Methods and Materials: We conducted a retrospective analysis of 46 low-risk HN MCC cases treated between 2006 and 2015. Inclusion criteria were defined as a primary tumor size of 2 cm, negative pathological margins, negative sentinel lymph node biopsy, and no immunosuppression. Local recurrence (LR) was defined as tumor recurrence within 2 cm of the primary surgical bed and estimated with the Kaplan-Meier method.

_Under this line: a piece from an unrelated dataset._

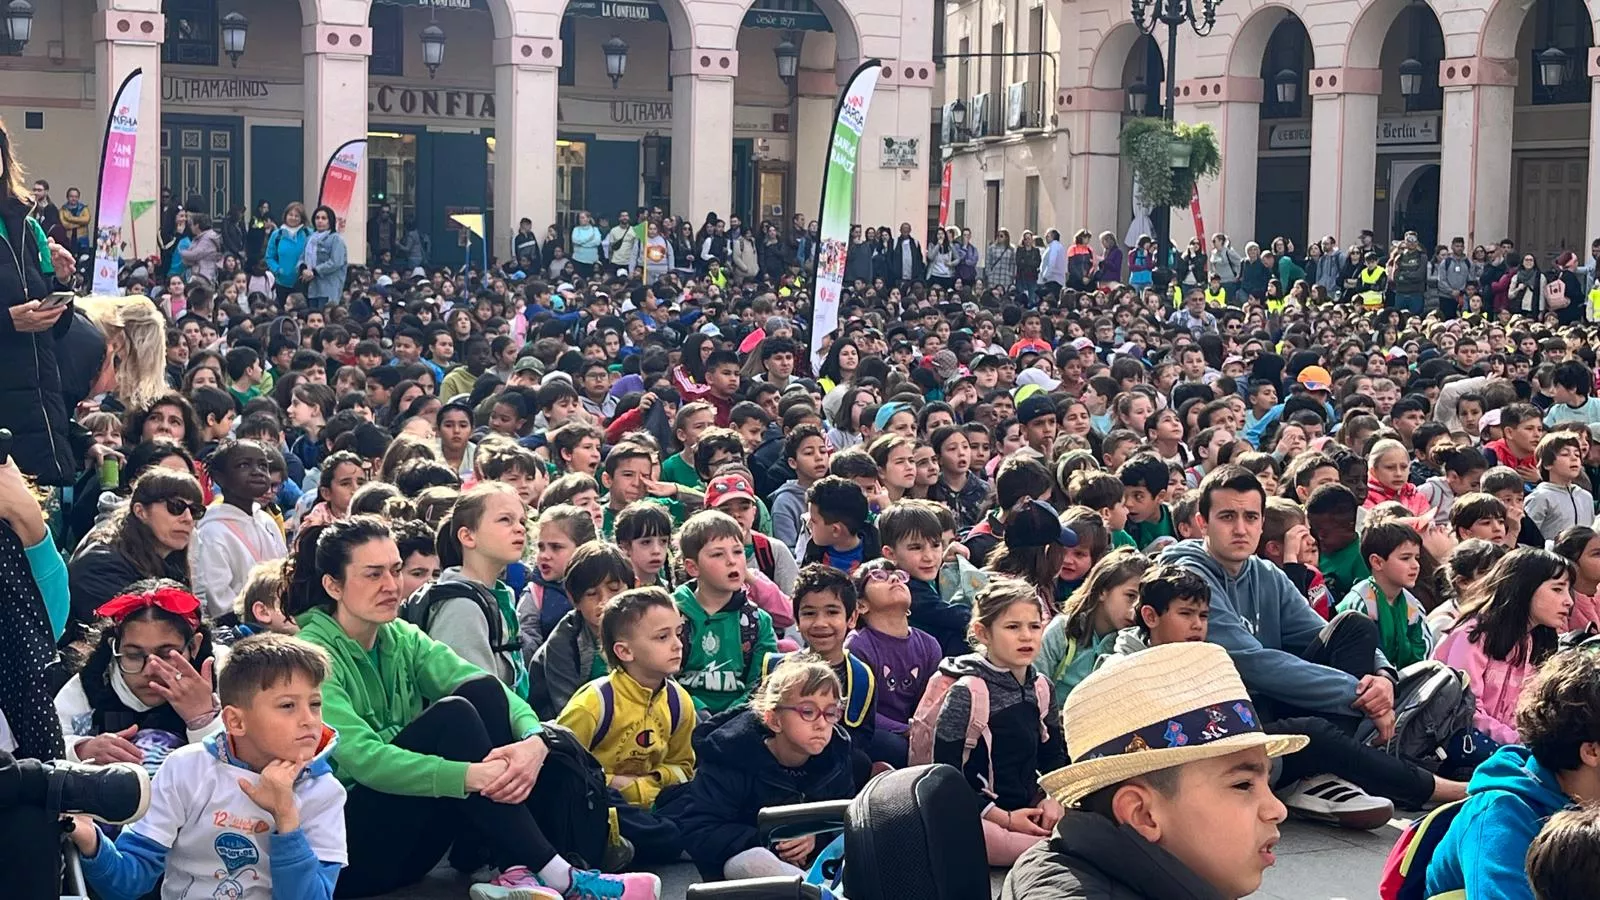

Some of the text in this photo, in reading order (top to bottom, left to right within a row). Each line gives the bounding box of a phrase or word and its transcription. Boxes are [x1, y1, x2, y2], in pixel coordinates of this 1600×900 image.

[601, 2, 611, 17] LA
[612, 3, 650, 19] CONFIANZA
[161, 76, 269, 100] ULTRAMARINOS
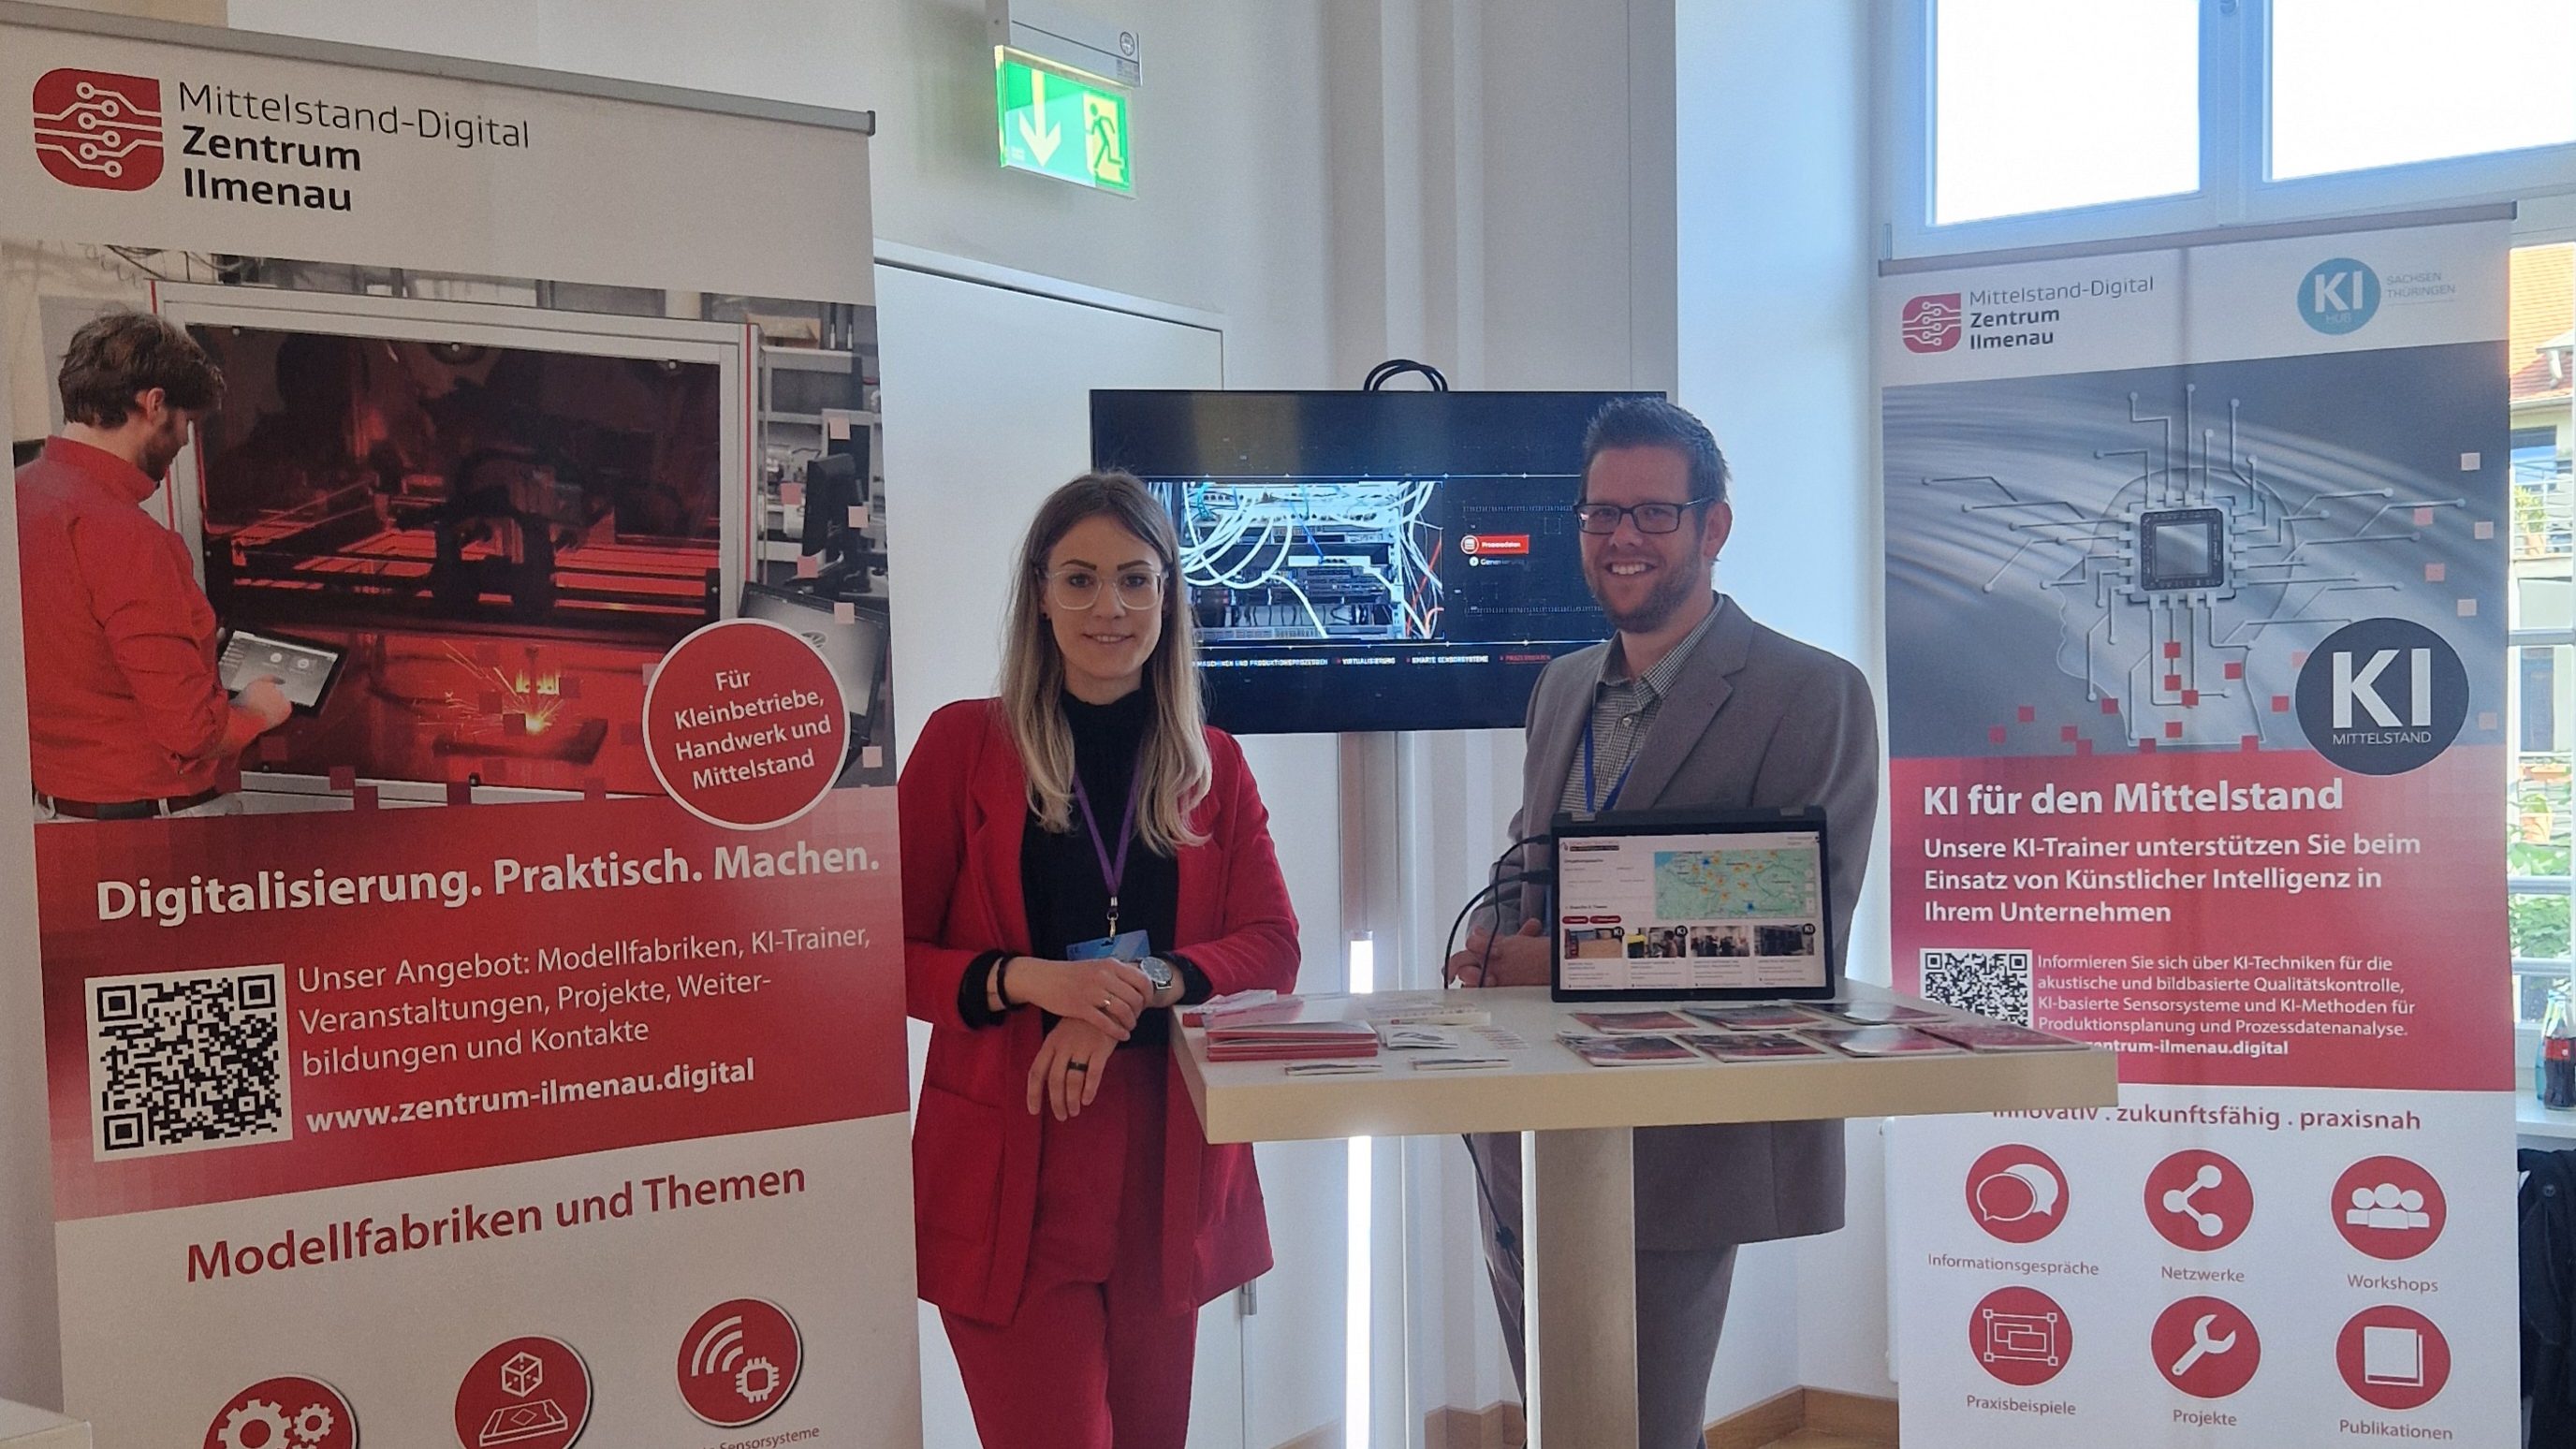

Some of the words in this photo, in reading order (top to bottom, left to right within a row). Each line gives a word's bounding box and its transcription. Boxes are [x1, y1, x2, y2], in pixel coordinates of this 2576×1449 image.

Results: Omission of PORT was offered to all 46 patients, of which 23 patients received PORT and 23 did not. No patient received adjuvant chemotherapy. There were no significant differences in surgical margins, tumor size, depth, lympho-vascular invasion status, or demographics between the two patient groups. Median follow-up for all patients was 3.7 years. Six of the 23 patients who did not receive PORT developed an LR. Compared to the group that received PORT, there was a significantly higher risk of LR in the group treated without PORT (26% vs. 0%, P Z .02). Median time to LR was 11 months. All local failures were effectively salvaged. There was no difference in MCC-specific and overall survival between the 2 groups.

Conclusions: For patients with HN MCC, omission of PORT was associated with a significantly higher risk of local recurrence even among those patients with the lowest-risk tumors (i.e., Stage IA without immune suppression). Thus, it is important to weigh the benefits of PORT against the side effect profile on a case-specific basis for each patient.